FAQs

FAQs

Here are the answers to all your questions on terminology, processes, and more.

Can a nursing home take money from an irrevocable trust?

An irrevocable trust through One Pacific Trust is a legal tool used for asset protection and estate planning. Once established, the assets of the trust are no longer your property but belong to a trustee to distribute for the benefit of named beneficiaries. Now, the question goes: Can a nursing home take money from an irrevocable trust?

Assets that are typically put into an irrevocable trust are safe from creditors, including nursing homes, provided that certain prerequisites have been satisfied. Once the assets are in the trust, the grantor no longer has possession or control of such assets. Since this is now not the property of the grantor, it does not typically count for Medicaid eligibility to qualify for long-term care in a nursing home.
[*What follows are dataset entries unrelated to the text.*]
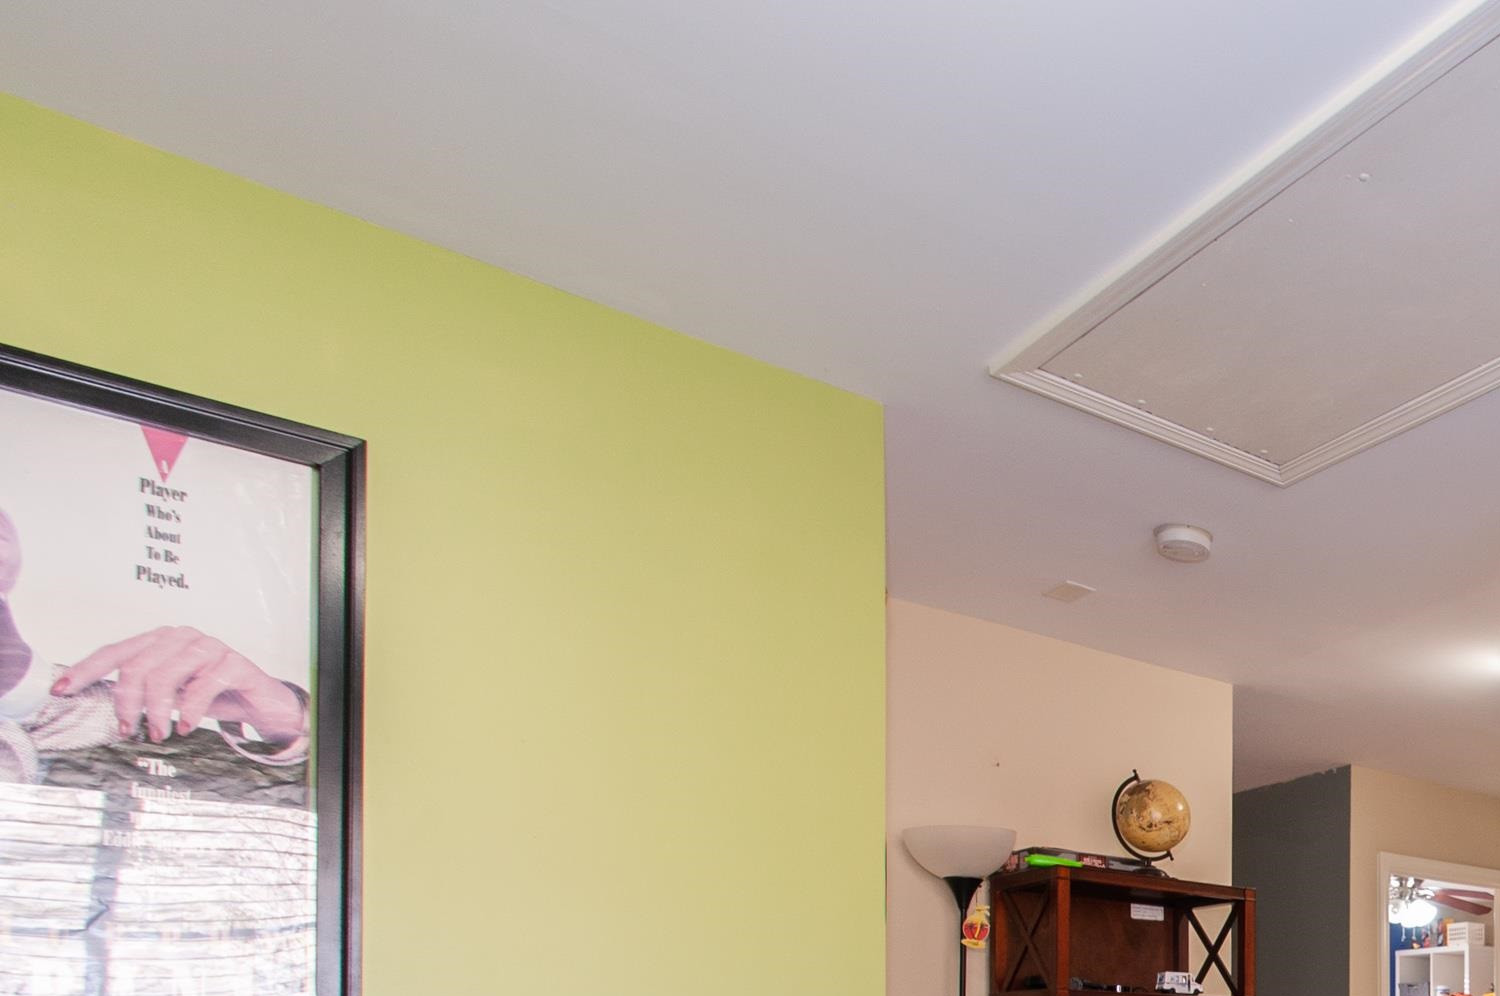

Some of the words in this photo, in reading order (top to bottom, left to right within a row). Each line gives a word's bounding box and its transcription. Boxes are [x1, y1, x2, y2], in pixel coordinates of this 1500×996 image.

[138, 476, 188, 502] Player
[144, 503, 182, 523] Who's
[145, 525, 182, 544] About
[145, 545, 161, 560] To
[163, 549, 180, 564] Be
[135, 564, 189, 590] Played.
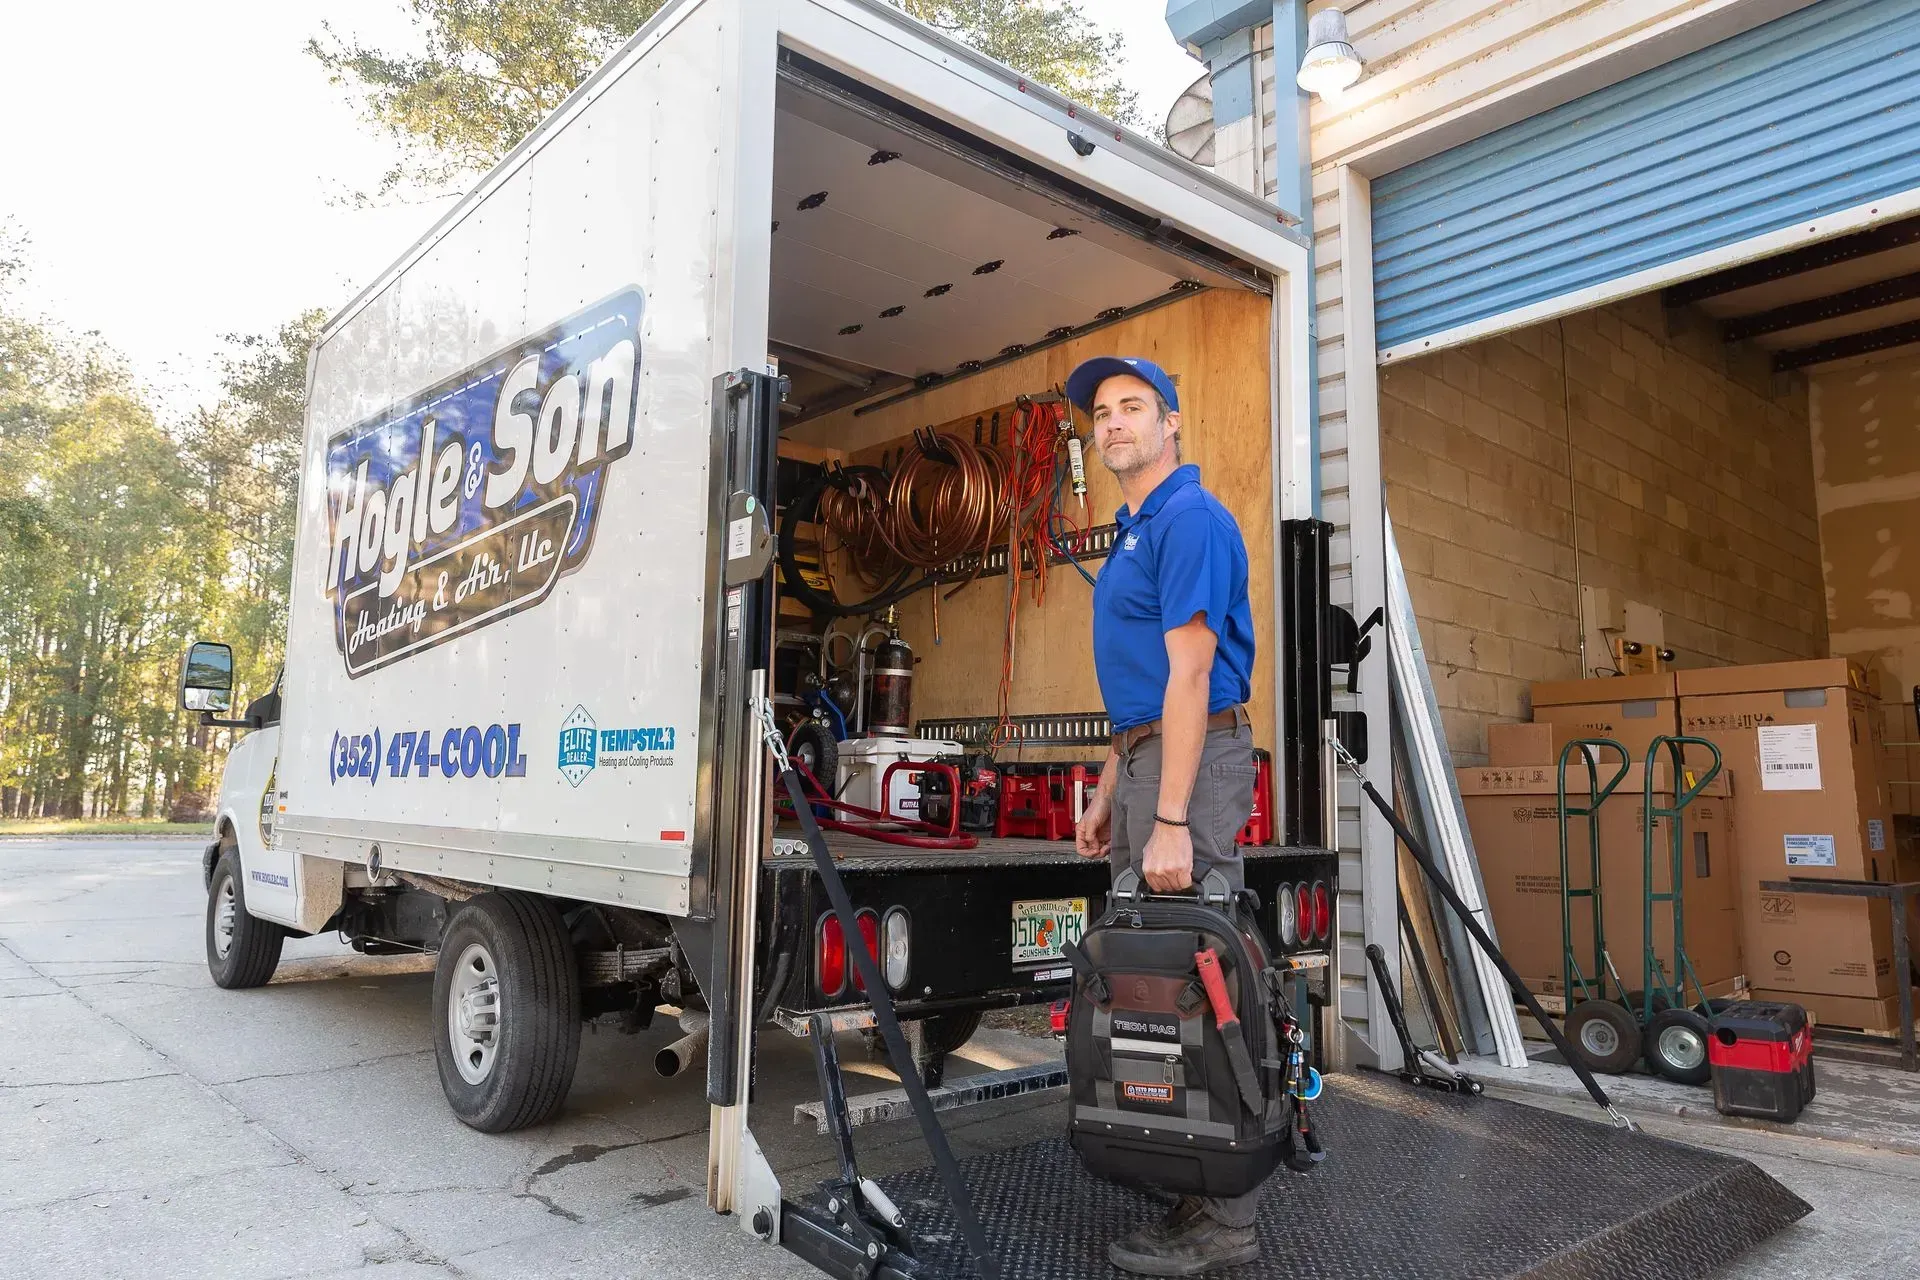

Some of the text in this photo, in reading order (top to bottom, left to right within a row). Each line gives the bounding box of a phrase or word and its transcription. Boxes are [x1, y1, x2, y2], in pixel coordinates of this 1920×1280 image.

[326, 340, 636, 598] Hogle & Son
[350, 596, 427, 655] Heating
[432, 570, 449, 611] &
[455, 552, 511, 604] Air,
[563, 728, 593, 753] ELITE
[600, 727, 675, 752] TEMPSTAR
[329, 723, 528, 787] (352) 474-COOL
[566, 751, 588, 763] DEALER
[599, 755, 674, 769] Heating and Cooling Products
[1056, 913, 1083, 944] YPK
[1022, 947, 1050, 958] SUNSHINE
[1149, 1023, 1177, 1036] PAC
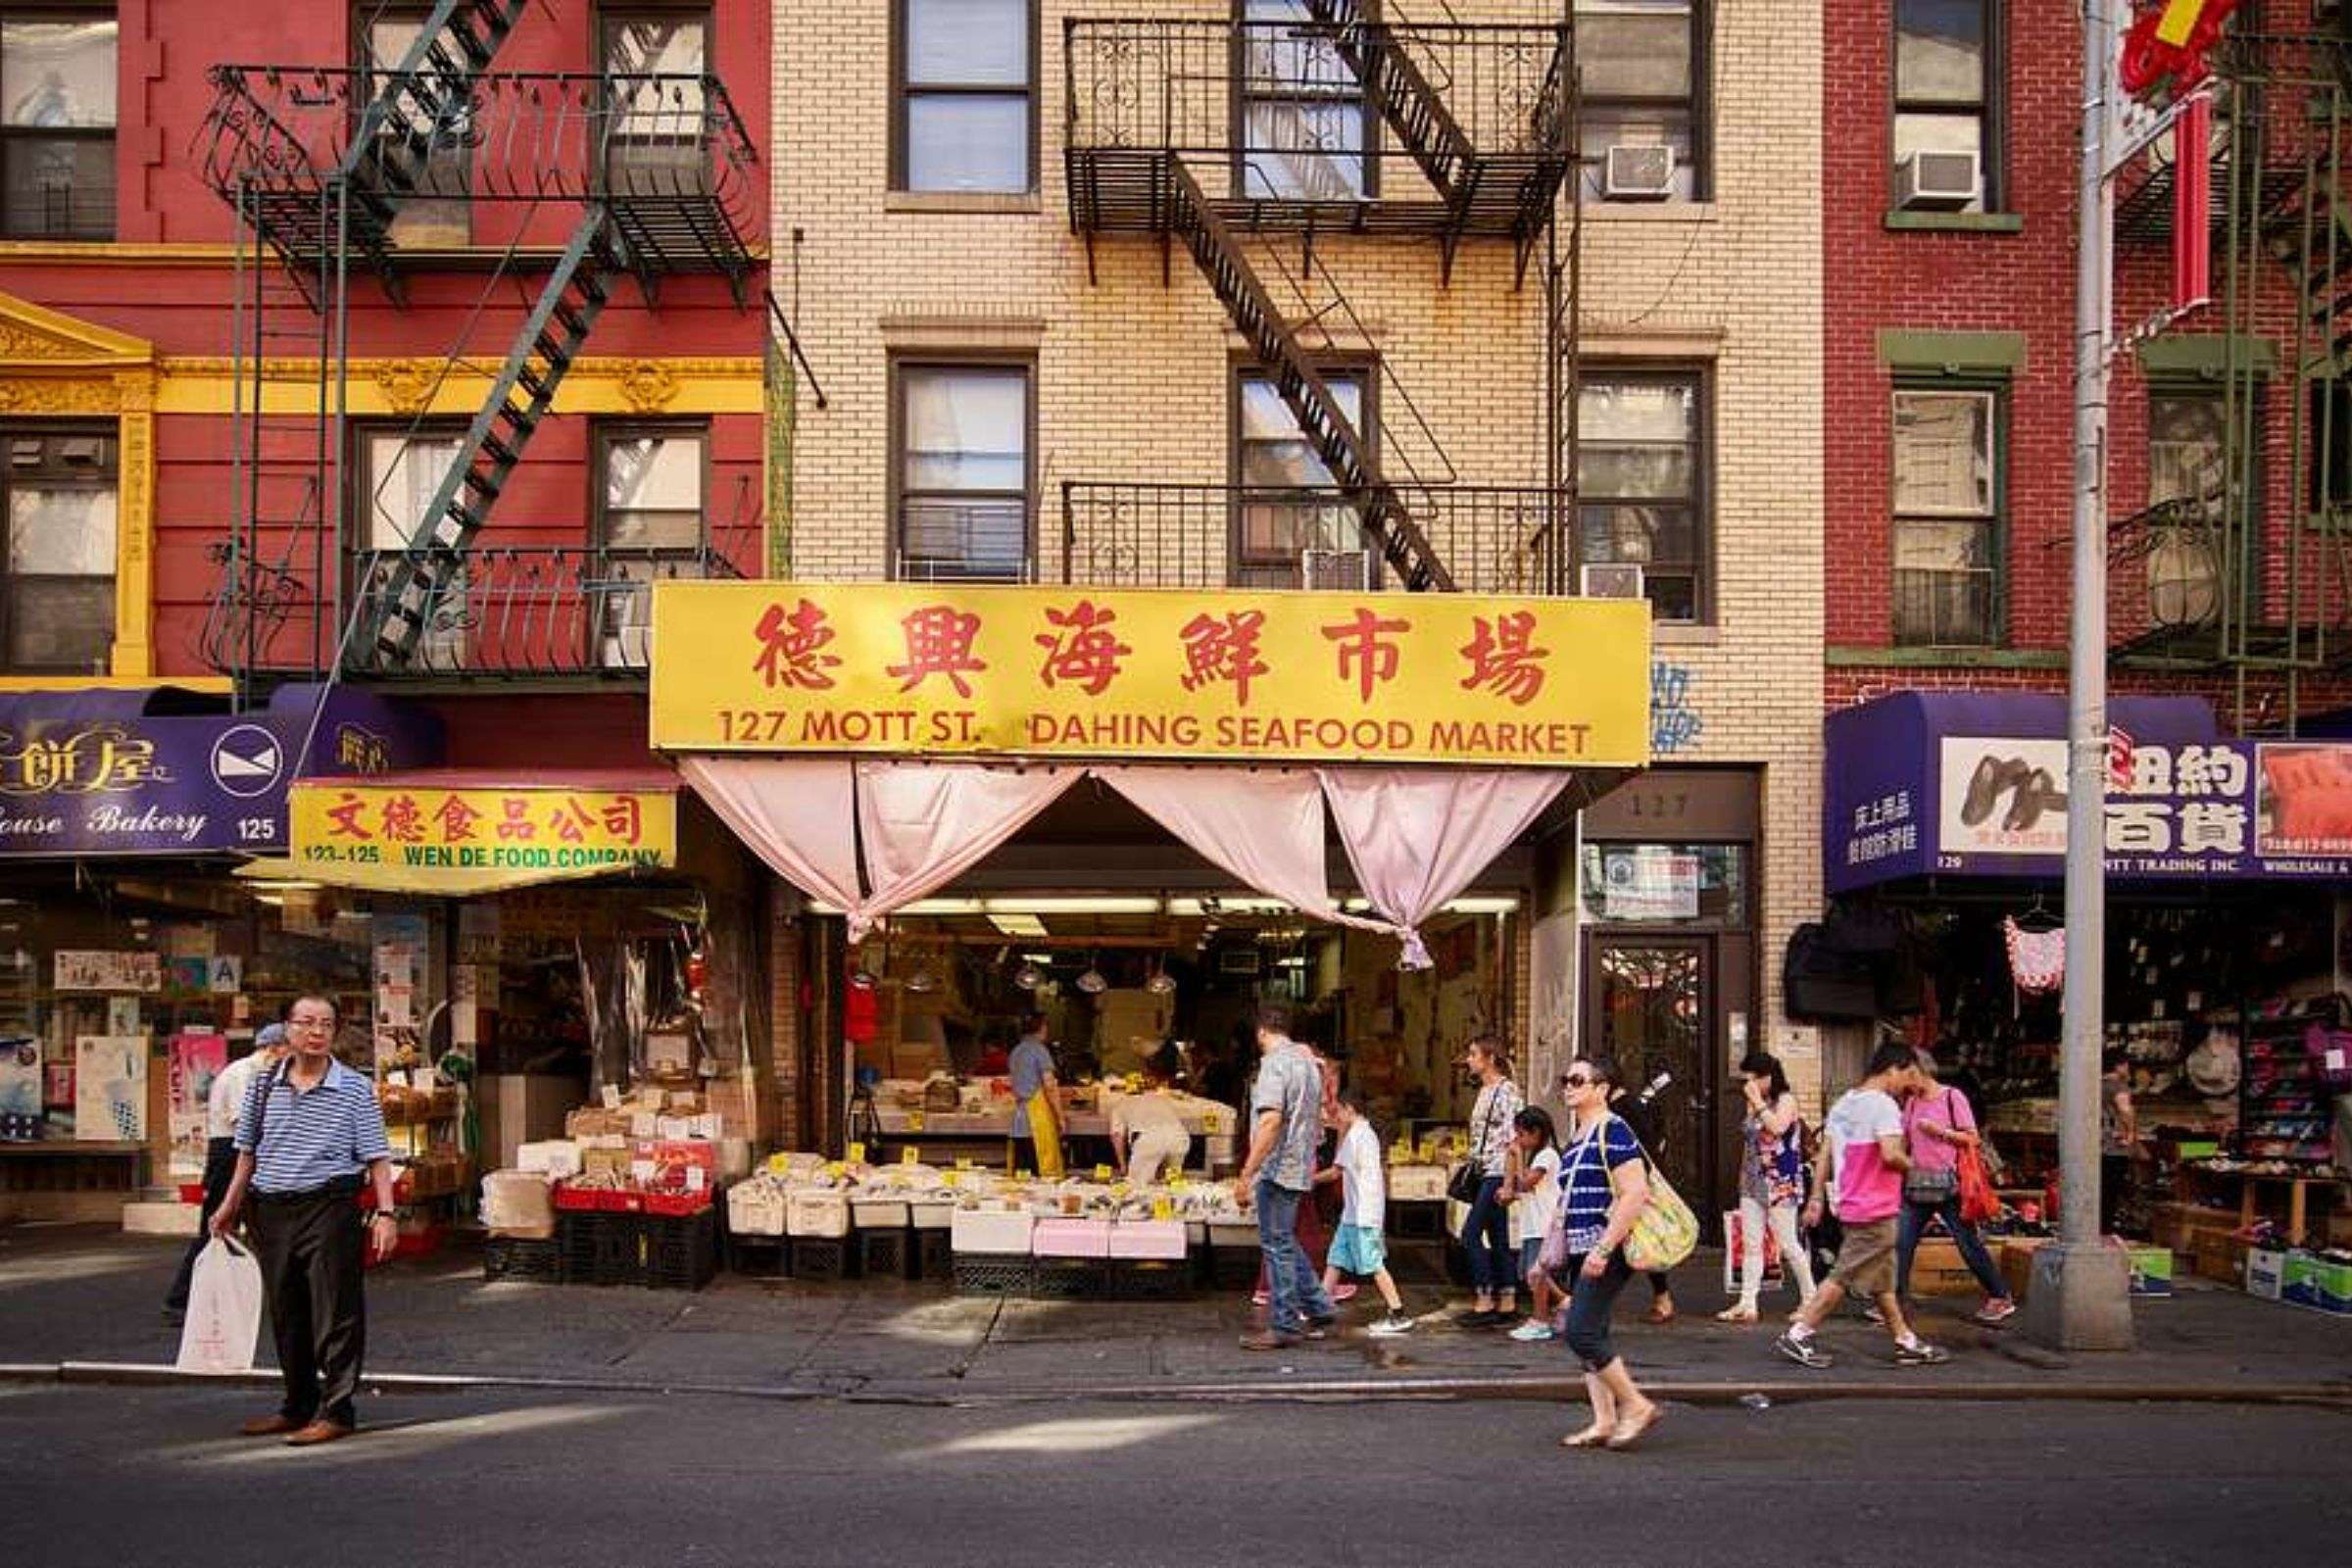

Timing is everything, however. Medicaid has a "look-back" period, generally five years, during which gifts of assets to an irrevocable trust are subject to scrutiny. If the assets were transferred within this period, they may be considered countable, thus delaying Medicaid eligibility or perhaps even leading to penalties.

It is important to be cognizant that even though the nursing home itself cannot take money from the trust, Medicaid may still ask for the spend-down of assets or even impose penalties for the transfer thereof since it would have violated eligibility rules in transferring the assets. In setting up an irrevocable trust-one which protects the assets from nursing home expenses and still works under the Medicaid regulations-one really needs to consult with an attorney who specializes in either elder law or estate planning.